In most cases, the two models will be 'nested'. This means that one model is a simpler case of the other. For example, a one-phase exponential model is a simpler case of a two-phase exponential model. Either the F test or the AICc method may be used with nested models. The choice is usually a matter of personal preference and tradition. Basic scientists in pharmacology and physiology tend to use the F test. Scientists in fields like ecology and population biology tend to use AICc.

If the models are not nested, then the F test is not valid so you should choose AICc. Note that Prism does not enforce this. It will calculate the F test even if the models are not nested, but the results won't be useful.

The extra sum-of-squares F test only makes sense when the models being compared have different numbers of parameters, and so have different numbers of degrees of freedom.

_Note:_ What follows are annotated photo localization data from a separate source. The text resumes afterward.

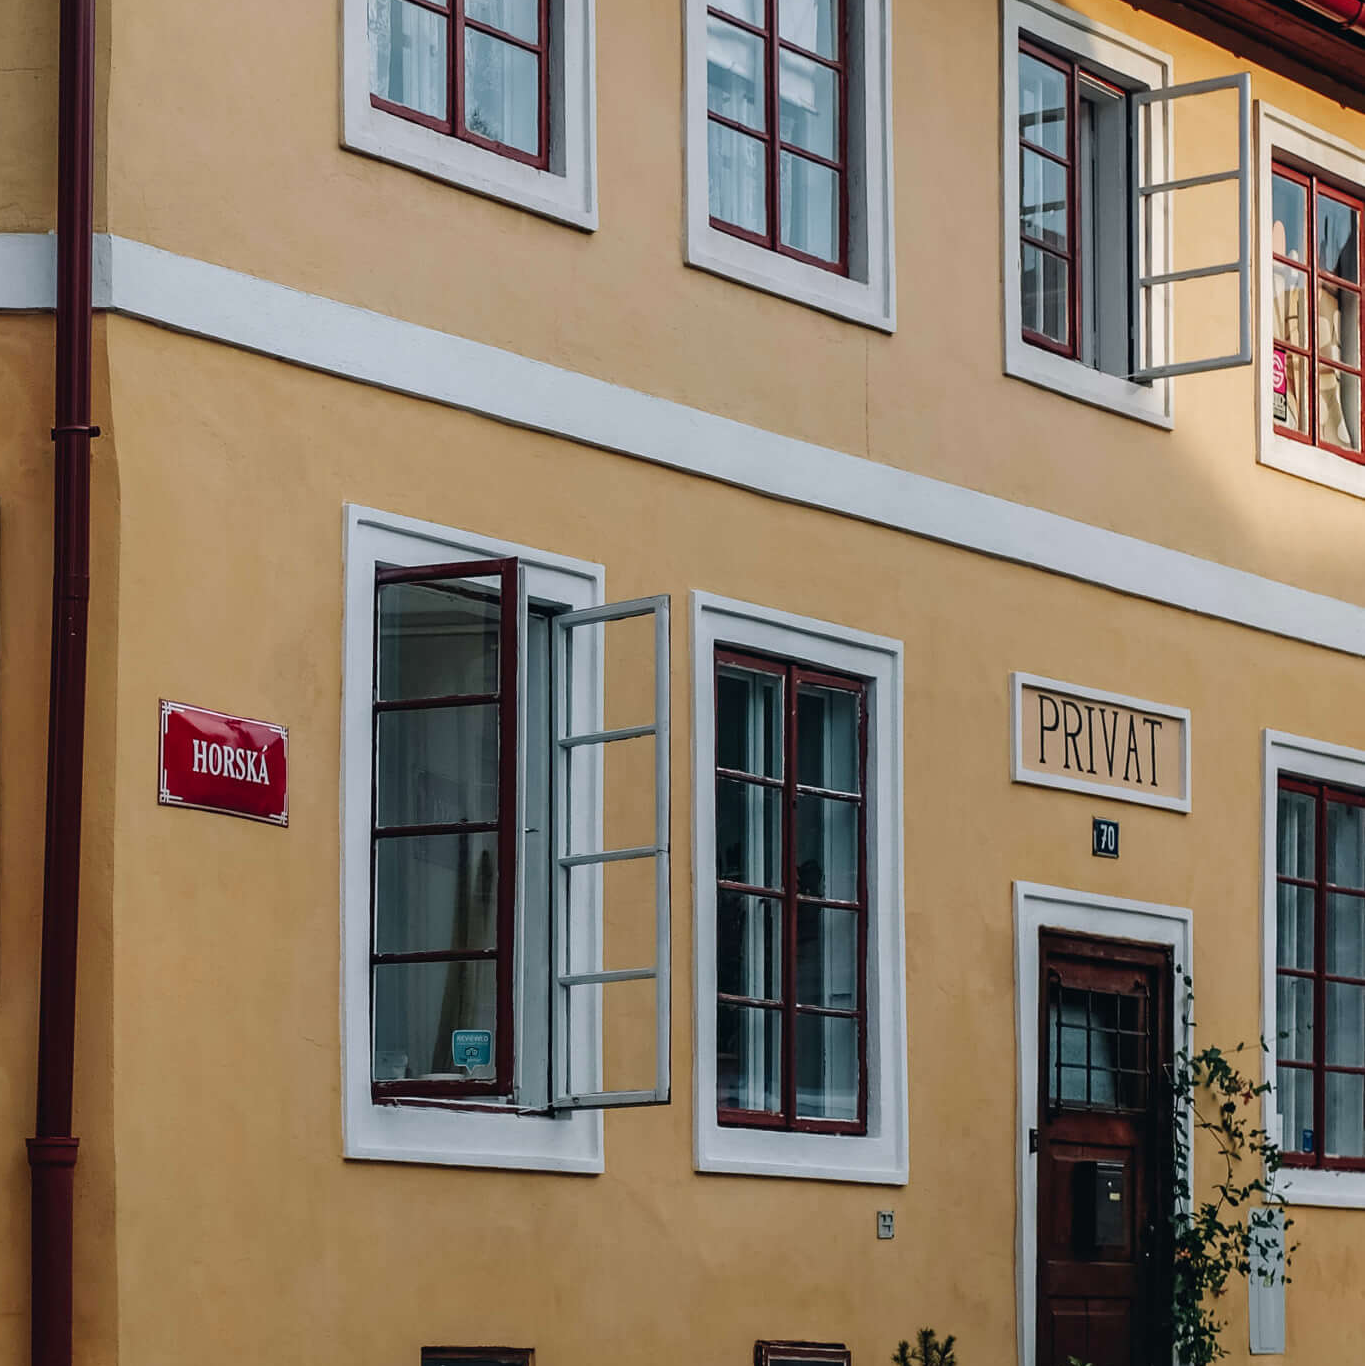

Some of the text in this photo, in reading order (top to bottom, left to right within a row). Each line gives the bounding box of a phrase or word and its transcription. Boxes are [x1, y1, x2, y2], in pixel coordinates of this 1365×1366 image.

[192, 738, 270, 785] HORSKÁ
[1037, 693, 1163, 787] PRIVAT
[1100, 823, 1115, 851] 70
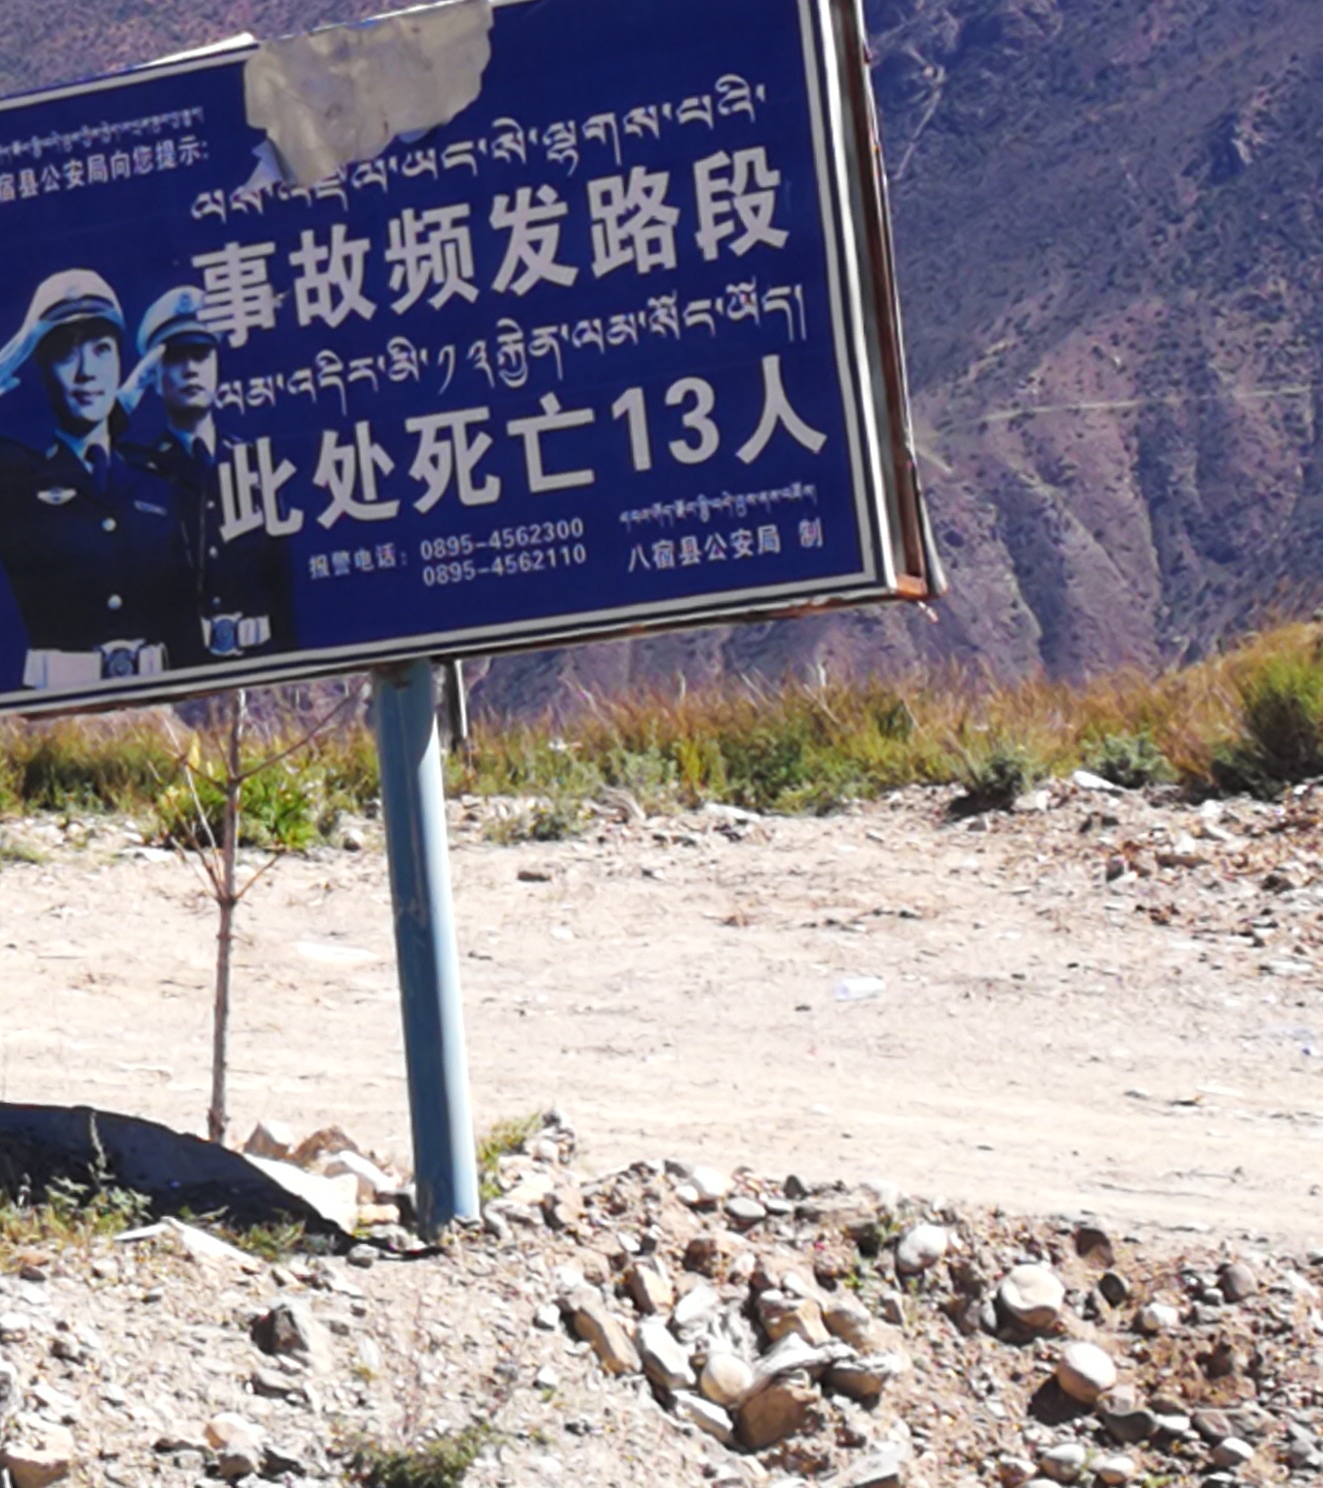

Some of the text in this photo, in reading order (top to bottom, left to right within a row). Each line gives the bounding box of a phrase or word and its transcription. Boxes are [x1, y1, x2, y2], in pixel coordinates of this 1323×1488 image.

[192, 146, 790, 349] 事故频发路段
[217, 355, 828, 544] 此处死亡13人
[309, 517, 584, 580] 报警电话： 0895-4562300
[423, 544, 587, 587] 0895-4562110
[628, 524, 781, 573] 八宿县公安局

If you want to compare two models with the same number of parameters, choose the AIC method.

Check the option on the right, and before running the extra sum-of-squares F or AICc comparison, Prism checks whether both models actually fit the data. If one fit is ambiguous or flagged, Prism will choose the other without any calculation.

If you are comparing the fits of three or more models, fit individually, you can ask Prism to report the AICc with each fit. This is a choice on the Diagnostics tab.